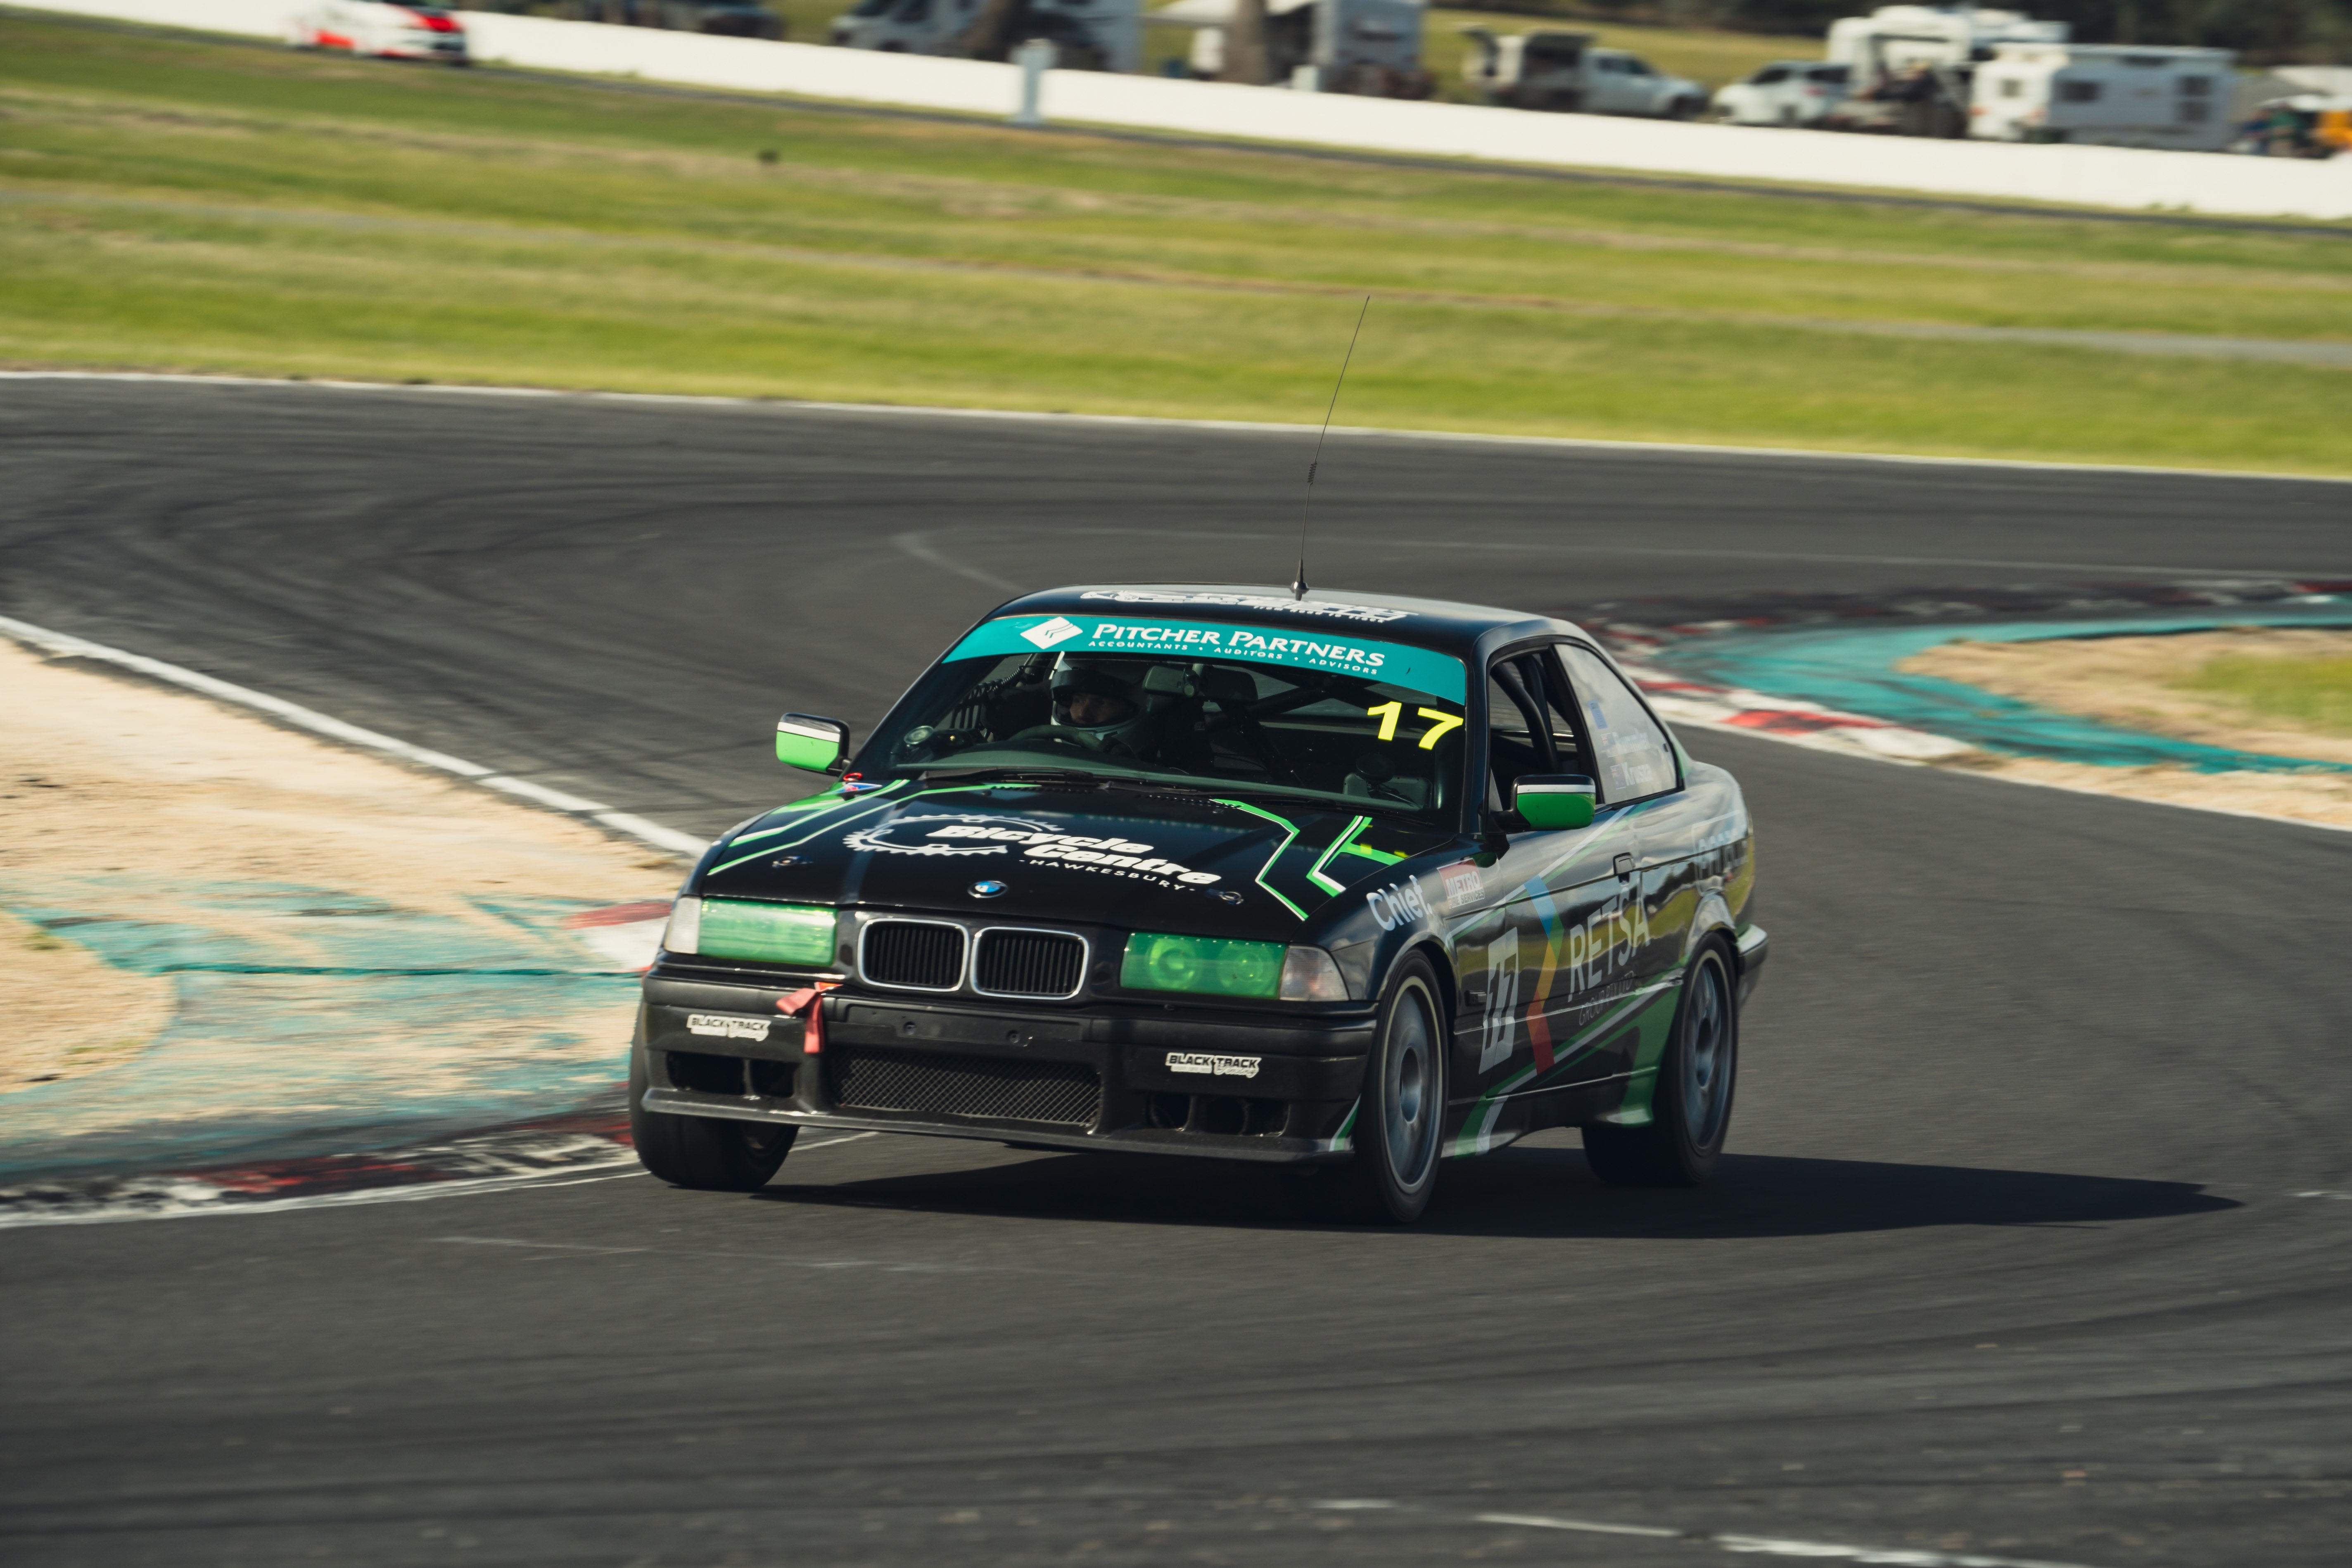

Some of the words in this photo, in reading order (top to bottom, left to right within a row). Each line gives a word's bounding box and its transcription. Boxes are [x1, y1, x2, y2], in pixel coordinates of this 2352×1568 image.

[1088, 641, 1188, 650] ACCOUNTANTS
[1214, 647, 1282, 659] AUDITORS
[1309, 658, 1377, 675] ADVISORS
[1092, 624, 1220, 644] PITCHER
[1228, 631, 1385, 666] PARTNERS
[1367, 701, 1464, 750] 17
[926, 825, 1154, 854] Bicycle
[1023, 844, 1221, 885] Centre
[1445, 871, 1481, 896] METRO
[1460, 889, 1485, 905] SERVICES
[1568, 871, 1651, 1002] RETSA
[1484, 953, 1517, 1051] 17
[1578, 989, 1605, 1026] GROUP
[1169, 1055, 1211, 1066] BLACK
[1217, 1058, 1258, 1068] TRACK
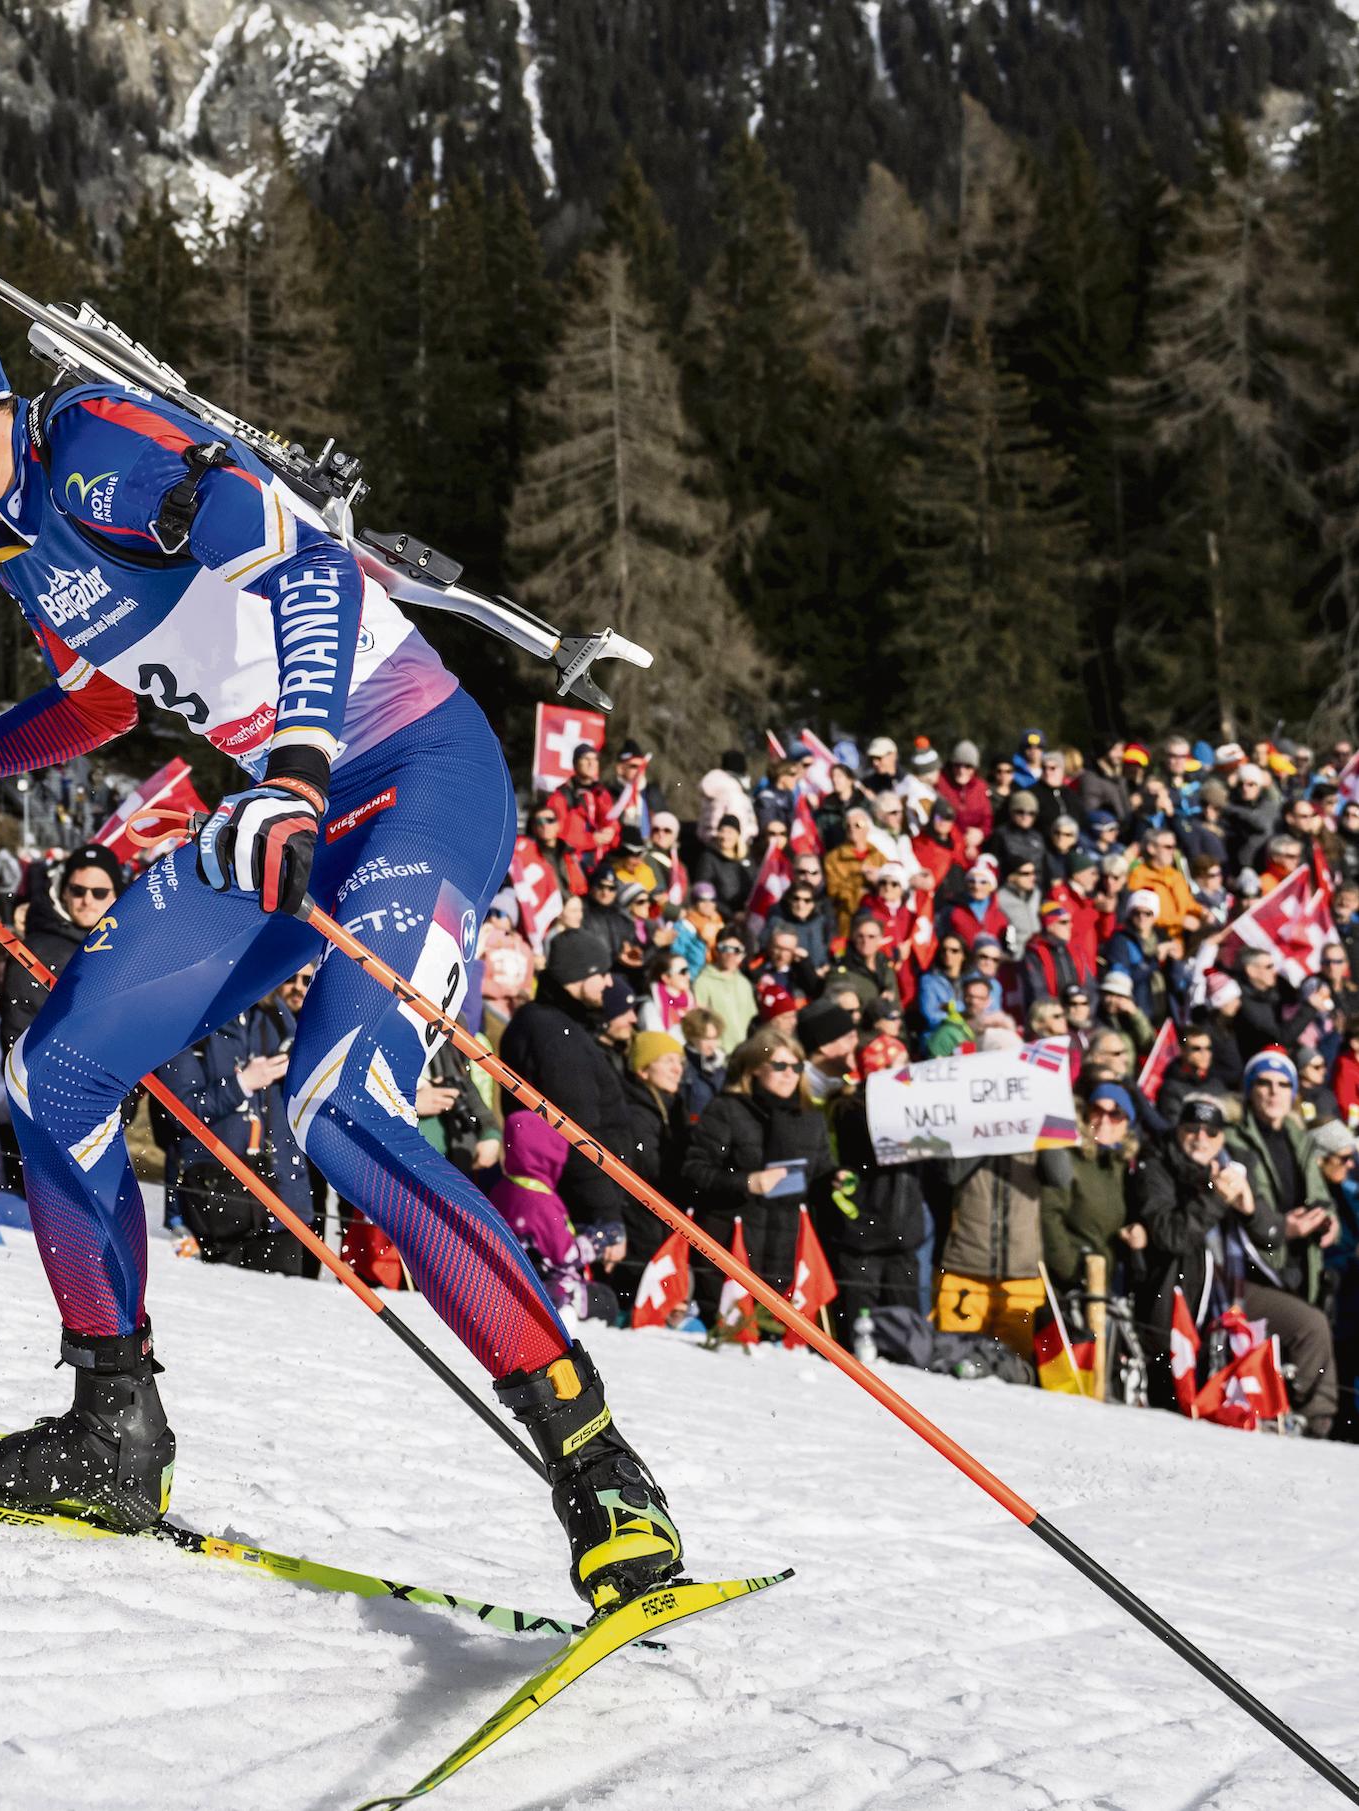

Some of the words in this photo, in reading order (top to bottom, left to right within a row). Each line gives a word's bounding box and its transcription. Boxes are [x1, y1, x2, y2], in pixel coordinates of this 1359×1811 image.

[91, 486, 104, 521] ROY
[103, 475, 119, 523] ENERGIE
[277, 567, 341, 722] FRANCE
[138, 663, 210, 724] 3
[337, 856, 390, 897] CAISSE
[641, 1592, 680, 1619] FISCHER
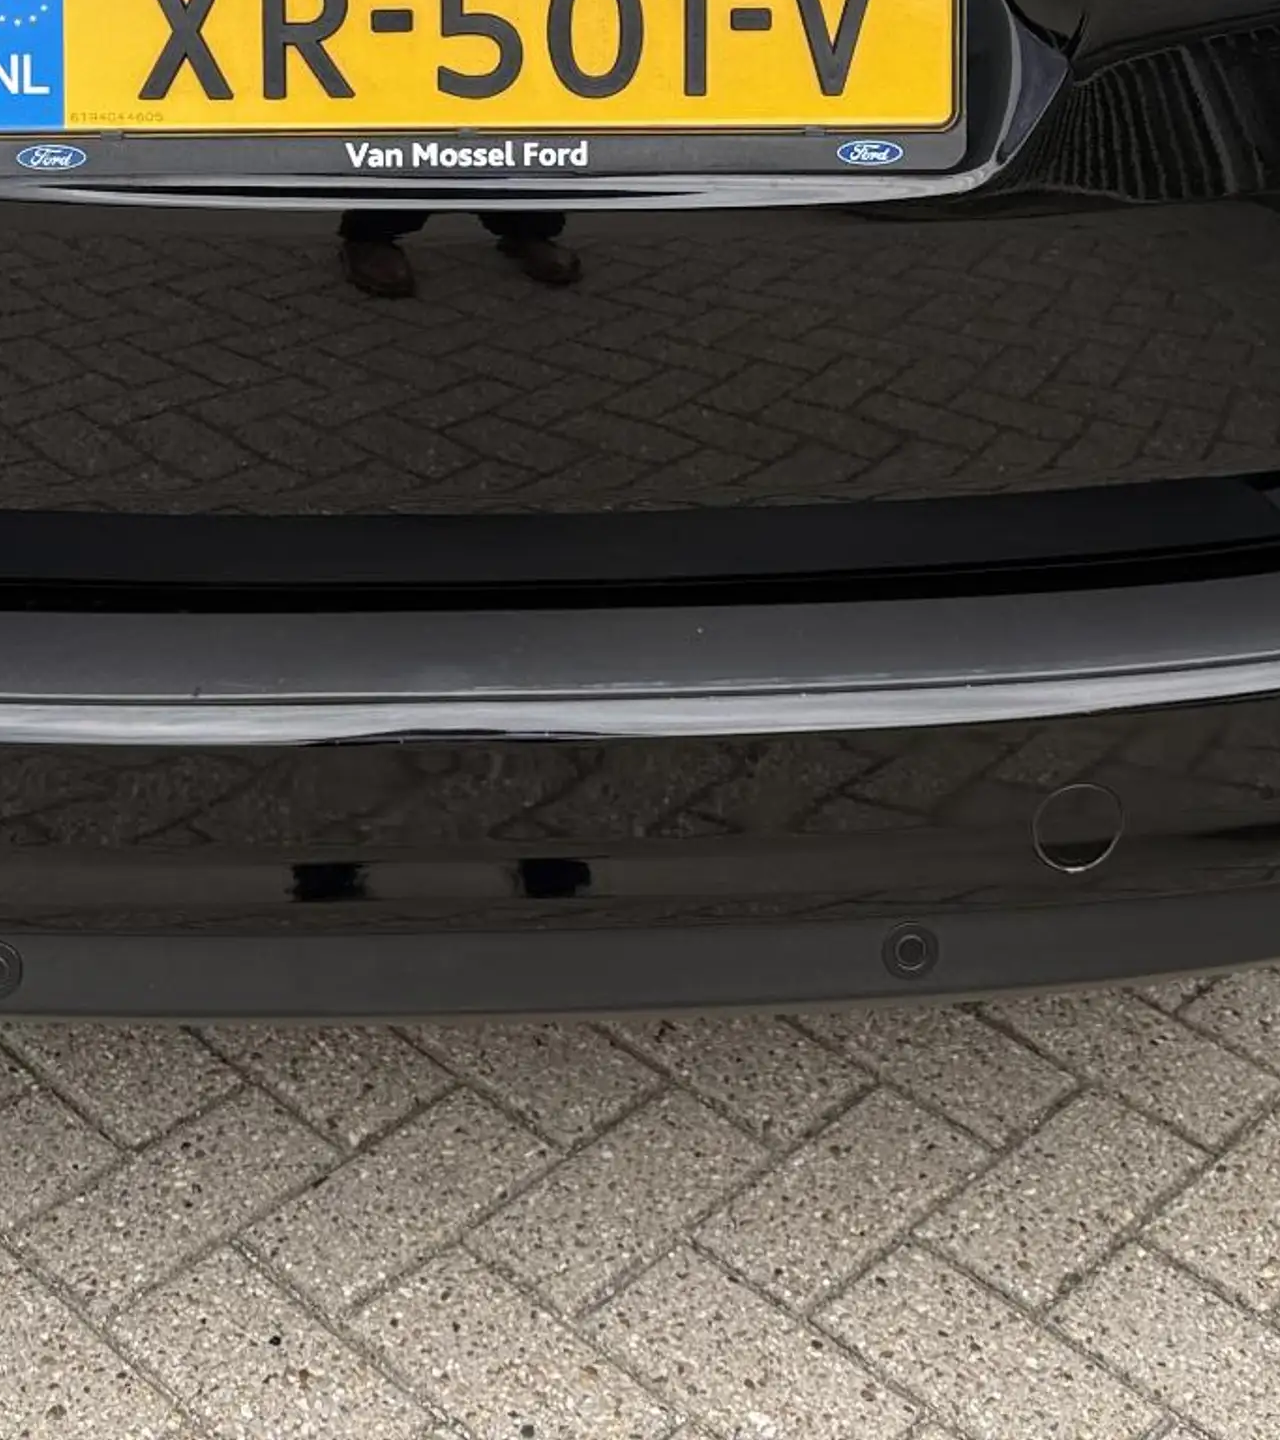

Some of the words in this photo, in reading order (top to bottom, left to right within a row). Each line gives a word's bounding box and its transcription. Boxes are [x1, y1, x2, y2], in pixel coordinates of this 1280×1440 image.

[30, 147, 74, 167] Ford
[345, 142, 404, 168] Van
[412, 140, 516, 168] Mossel
[523, 140, 589, 167] Ford
[849, 143, 891, 161] Ford

┄┄┄┄┄┄┄┄┄┄┄┄┄┄┄┄┄┄┄┄

## Problem to solve
Only the lines from the line with "this 1359×1811 image." through the end of the records belong in your copy. Repeat them exactly, without pictures.

## Problem solution
Some of the words in this photo, in reading order (top to bottom, left to right within a row). Each line gives a word's bounding box and its transcription. Boxes are [x1, y1, x2, y2], in pixel coordinates of this 1359×1811 image.

[91, 486, 104, 521] ROY
[103, 475, 119, 523] ENERGIE
[277, 567, 341, 722] FRANCE
[138, 663, 210, 724] 3
[337, 856, 390, 897] CAISSE
[641, 1592, 680, 1619] FISCHER

Some of the words in this photo, in reading order (top to bottom, left to right within a row). Each line gives a word's bounding box and its transcription. Boxes are [x1, y1, x2, y2], in pixel coordinates of this 1280×1440 image.

[30, 147, 74, 167] Ford
[345, 142, 404, 168] Van
[412, 140, 516, 168] Mossel
[523, 140, 589, 167] Ford
[849, 143, 891, 161] Ford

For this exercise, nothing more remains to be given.